----- Available data
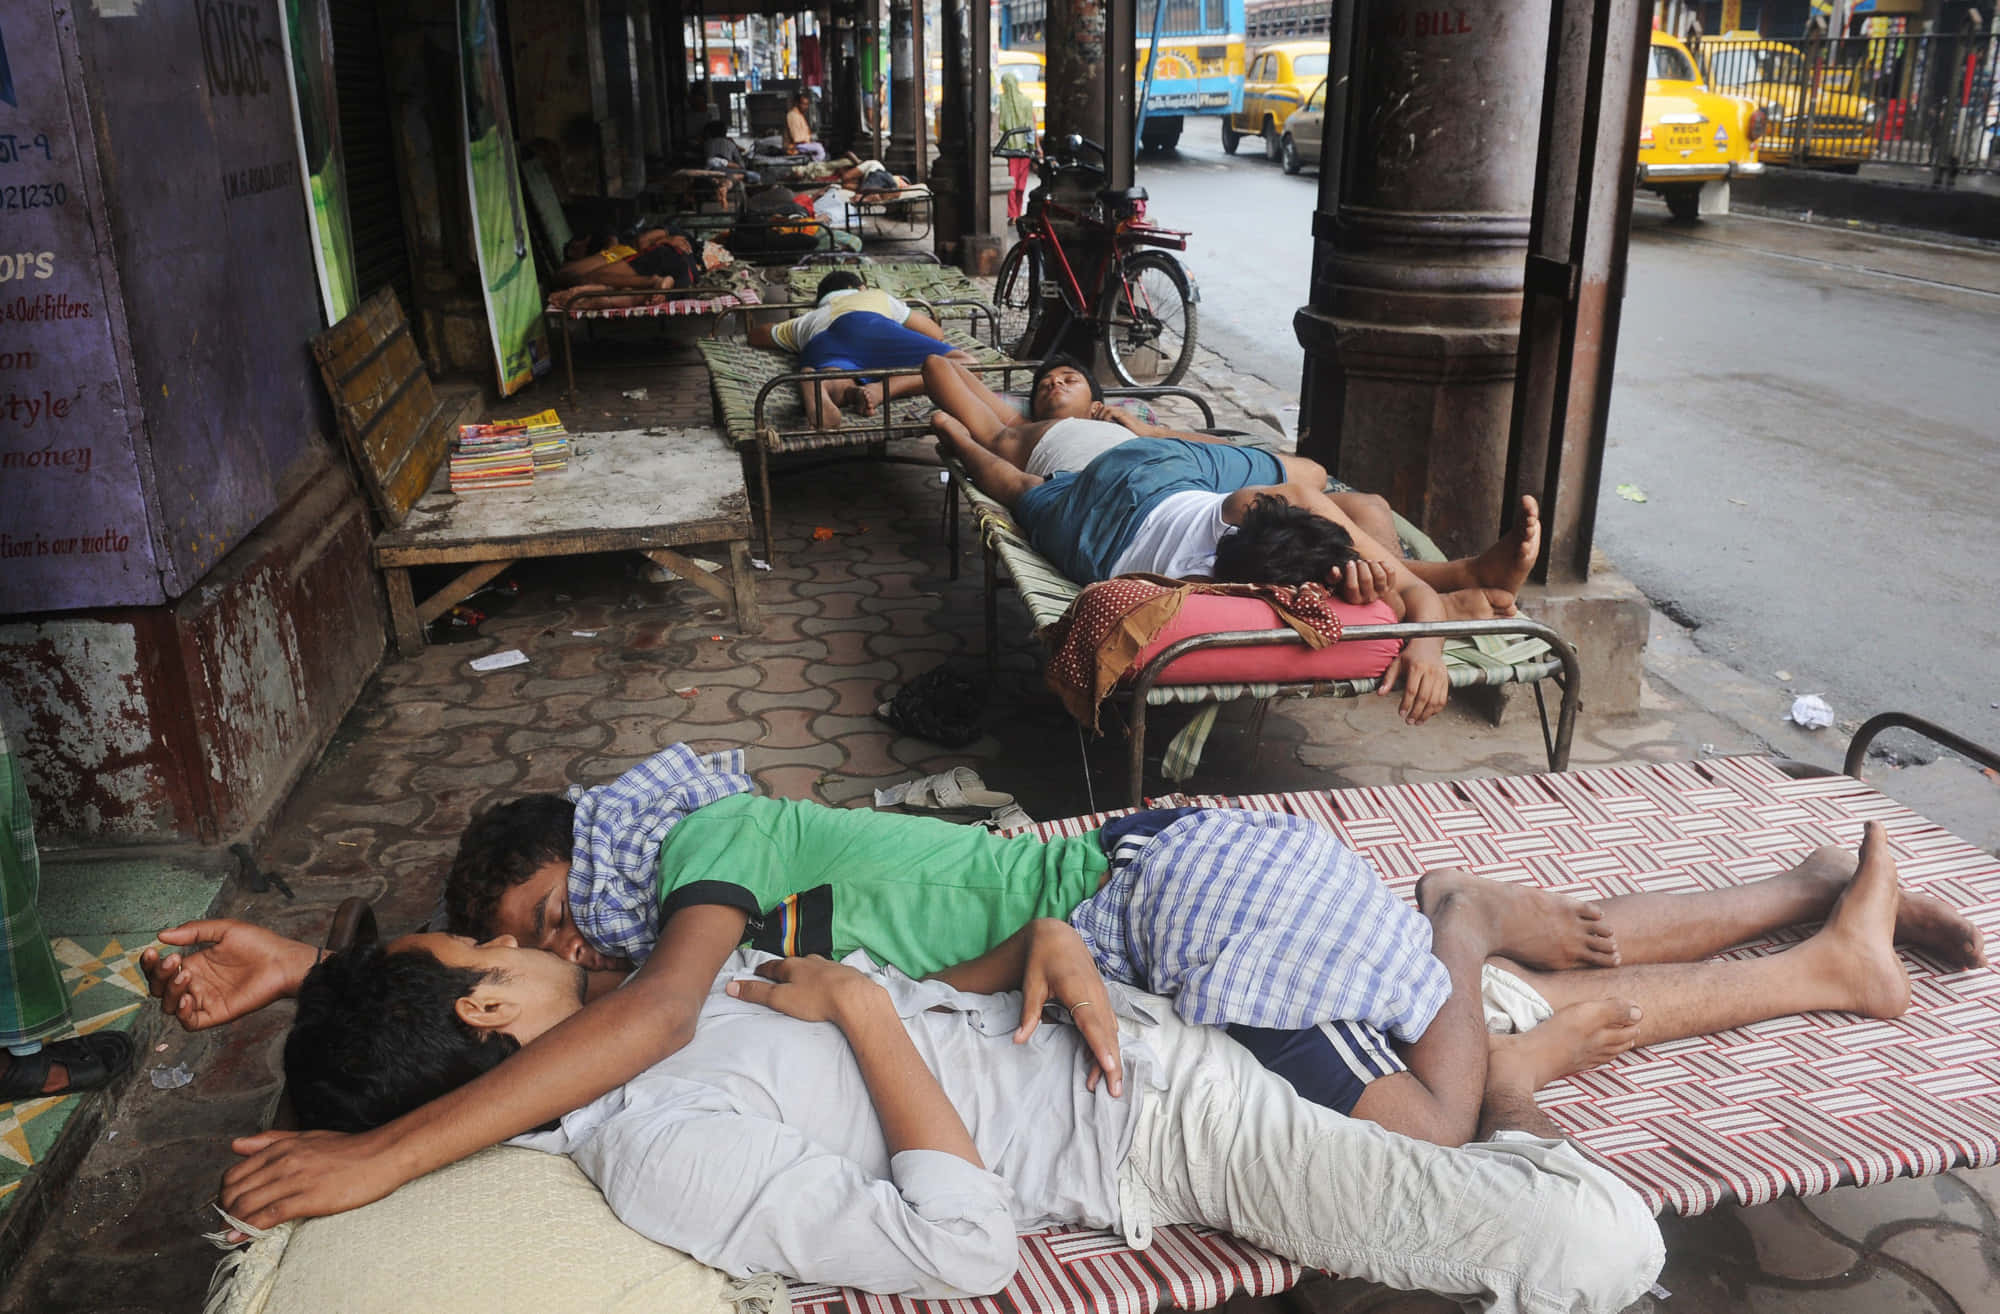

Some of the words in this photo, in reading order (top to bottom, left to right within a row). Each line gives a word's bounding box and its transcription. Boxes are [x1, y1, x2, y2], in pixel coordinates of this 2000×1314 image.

[1415, 11, 1473, 37] BILL
[194, 0, 270, 95] OUSE
[0, 182, 66, 208] 21230
[0, 252, 55, 282] ors
[0, 351, 32, 370] on
[2, 448, 91, 473] money
[52, 537, 77, 554] our
[81, 528, 129, 554] motto
----------
## Task details
Every entry above is to be copied verbatim, with the pictures removed.

## Reply to the exercise
Some of the words in this photo, in reading order (top to bottom, left to right within a row). Each line gives a word's bounding box and its transcription. Boxes are [x1, y1, x2, y2], in pixel coordinates of this 2000×1314 image.

[1415, 11, 1473, 37] BILL
[194, 0, 270, 95] OUSE
[0, 182, 66, 208] 21230
[0, 252, 55, 282] ors
[0, 351, 32, 370] on
[2, 448, 91, 473] money
[52, 537, 77, 554] our
[81, 528, 129, 554] motto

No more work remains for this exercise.